RECORDS SHOWN –

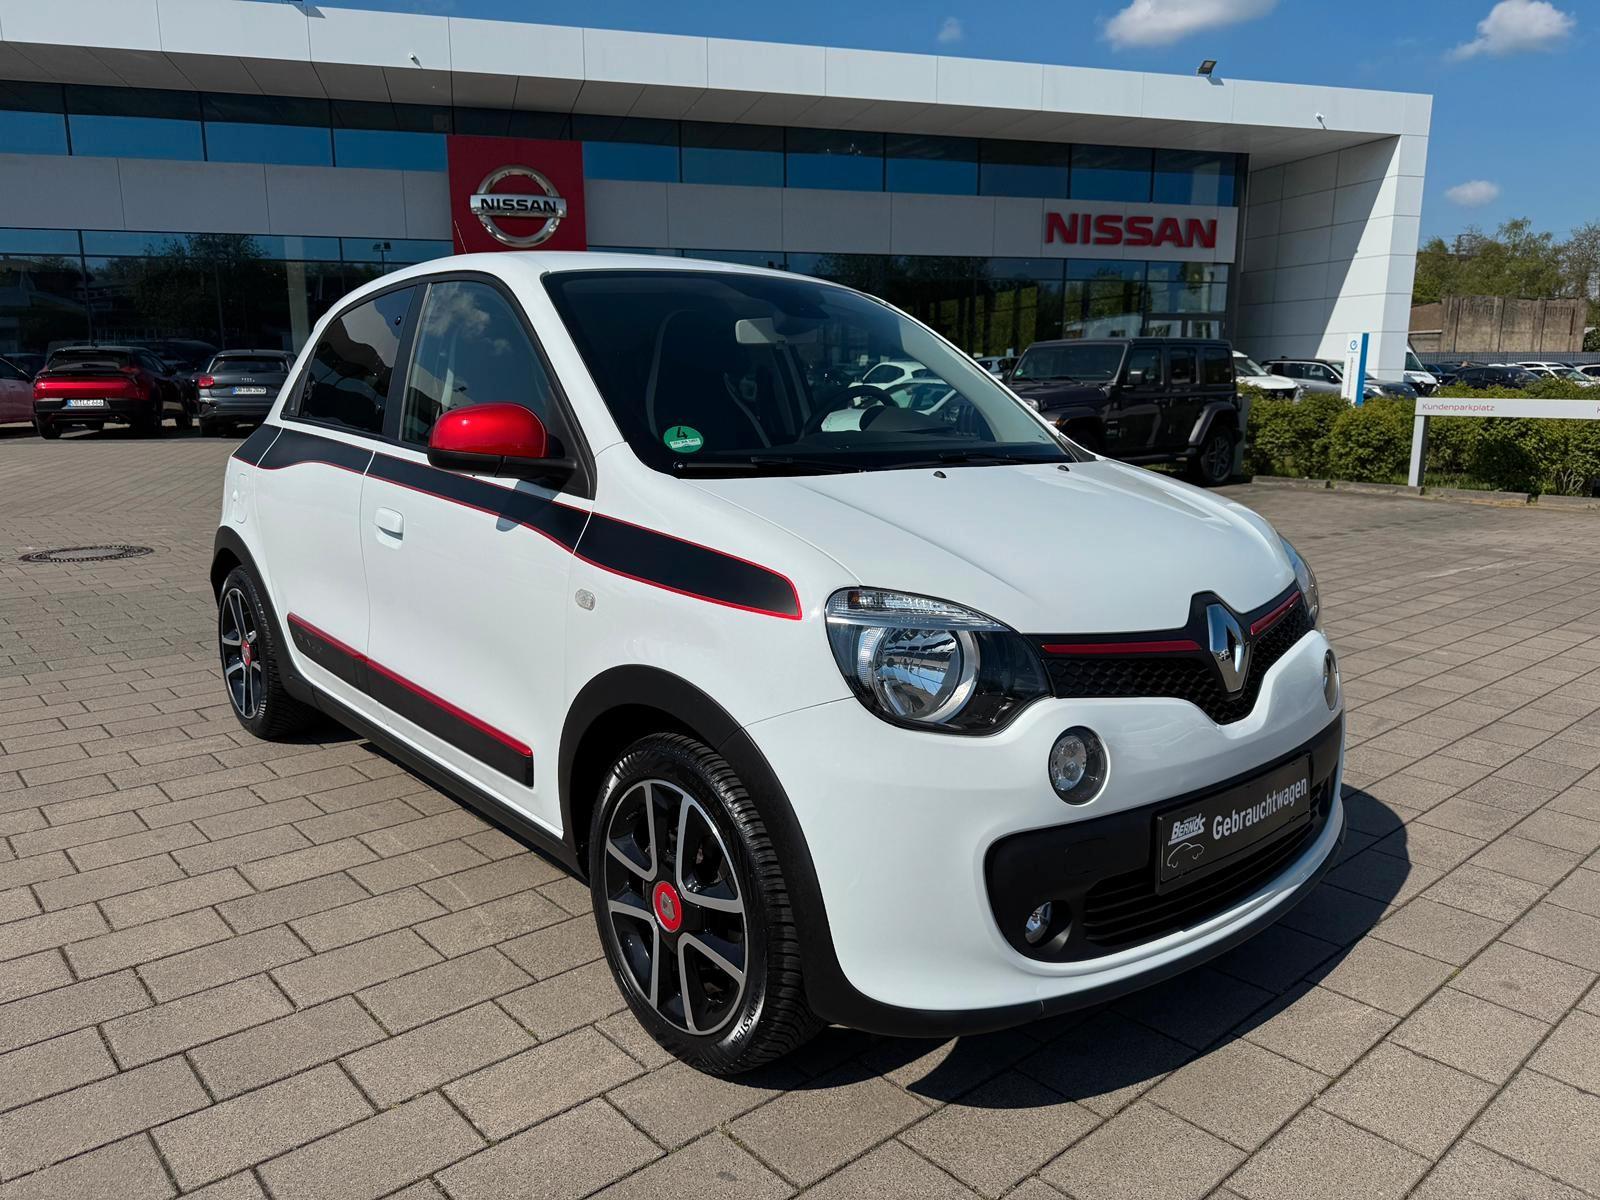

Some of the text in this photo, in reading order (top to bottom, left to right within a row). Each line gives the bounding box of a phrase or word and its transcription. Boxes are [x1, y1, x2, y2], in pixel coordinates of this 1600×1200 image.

[480, 198, 557, 213] NISSAN
[1045, 212, 1217, 248] NISSAN
[1422, 403, 1495, 411] Kundenparkplatz
[677, 426, 688, 439] 4
[1212, 777, 1307, 840] Gebrauchtwagen

TASK GOAL –
Only the text of the records above, copied exactly, should be returned; the pictures stay out.

RESULT BELOW –
Some of the text in this photo, in reading order (top to bottom, left to right within a row). Each line gives the bounding box of a phrase or word and its transcription. Boxes are [x1, y1, x2, y2], in pixel coordinates of this 1600×1200 image.

[480, 198, 557, 213] NISSAN
[1045, 212, 1217, 248] NISSAN
[1422, 403, 1495, 411] Kundenparkplatz
[677, 426, 688, 439] 4
[1212, 777, 1307, 840] Gebrauchtwagen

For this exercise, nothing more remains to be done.